Artificial Intelligence

Reinforcement Learning 101 – A two minute read

Introduction

Reinforcement Learning (RL) is a sub-field of artificial intelligence (AI) in which an agent takes actions based on the numeric reward it obtains from its enviroment. As an example, let us assume that an agent is  learning to play chess. For the agent to be able to learn how to play, each time it makes a move, it requires some feedback on whether the move is bad one or a good one.

An example of a good move could be when the agent is able to remove one of the pieces of its opponents without losing any of its pieces. At the highest level, this kind of feedback is called reinforcement and hence the name reinforcement learning (because the agent learns based on such reinforcements).

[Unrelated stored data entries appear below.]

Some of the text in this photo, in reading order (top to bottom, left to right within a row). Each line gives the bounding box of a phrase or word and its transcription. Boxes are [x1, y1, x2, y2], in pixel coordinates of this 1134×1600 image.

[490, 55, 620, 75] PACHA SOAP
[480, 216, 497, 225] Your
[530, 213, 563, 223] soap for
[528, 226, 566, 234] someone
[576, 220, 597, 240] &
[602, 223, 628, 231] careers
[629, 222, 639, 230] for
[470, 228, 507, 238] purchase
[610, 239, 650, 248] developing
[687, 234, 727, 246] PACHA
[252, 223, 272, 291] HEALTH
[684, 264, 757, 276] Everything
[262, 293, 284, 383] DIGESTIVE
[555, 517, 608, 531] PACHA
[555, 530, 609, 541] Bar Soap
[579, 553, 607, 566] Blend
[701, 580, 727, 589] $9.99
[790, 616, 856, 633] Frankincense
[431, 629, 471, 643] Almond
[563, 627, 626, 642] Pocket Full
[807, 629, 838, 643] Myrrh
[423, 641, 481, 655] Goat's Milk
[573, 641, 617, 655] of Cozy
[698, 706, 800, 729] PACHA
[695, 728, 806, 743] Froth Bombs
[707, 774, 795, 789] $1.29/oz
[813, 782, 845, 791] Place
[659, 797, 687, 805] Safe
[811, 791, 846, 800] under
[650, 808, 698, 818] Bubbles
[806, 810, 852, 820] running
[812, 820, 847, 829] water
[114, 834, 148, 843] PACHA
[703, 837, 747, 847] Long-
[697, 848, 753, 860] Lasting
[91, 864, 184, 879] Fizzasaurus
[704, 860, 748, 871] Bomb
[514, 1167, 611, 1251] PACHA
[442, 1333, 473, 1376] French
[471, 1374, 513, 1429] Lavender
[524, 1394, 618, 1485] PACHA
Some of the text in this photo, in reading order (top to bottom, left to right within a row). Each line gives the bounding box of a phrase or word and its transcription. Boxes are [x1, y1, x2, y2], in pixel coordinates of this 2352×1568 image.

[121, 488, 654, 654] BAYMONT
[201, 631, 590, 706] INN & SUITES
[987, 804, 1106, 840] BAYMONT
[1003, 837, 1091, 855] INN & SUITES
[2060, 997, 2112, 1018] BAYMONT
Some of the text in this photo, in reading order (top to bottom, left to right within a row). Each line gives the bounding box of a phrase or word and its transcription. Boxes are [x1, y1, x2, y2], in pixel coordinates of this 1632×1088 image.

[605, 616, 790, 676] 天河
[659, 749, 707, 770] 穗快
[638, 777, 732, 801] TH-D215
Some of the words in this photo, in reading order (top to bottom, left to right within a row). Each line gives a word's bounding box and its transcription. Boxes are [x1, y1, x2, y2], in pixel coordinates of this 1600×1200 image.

In reinforcement learning, the agent has a state space that it explores, there are a set of actions that the agent can take in any particular state, and there is a reward associated with the next state the agent lands into. The goal of reinforcement learning is to design the optimal or near-optimal policy based on the rewards received. Figure 1 provides an overview of reinforcement learning.

Reinforcement Learning
Figure 1: Overview of Reinforcement Learning

Types of Reinforcement Learning

At the highest level, there are two types of reinforcement learning – 1) passive learning and 2) active learning.

In passive learning, the policy taken in each state is fixed and the goal of the agent is to determine the utilities of being in the different states.

Active learning is the more challenging approach where the agent must learn what to do. As the agent is learning the best policy to adopt, it must explore the environment in which it is in.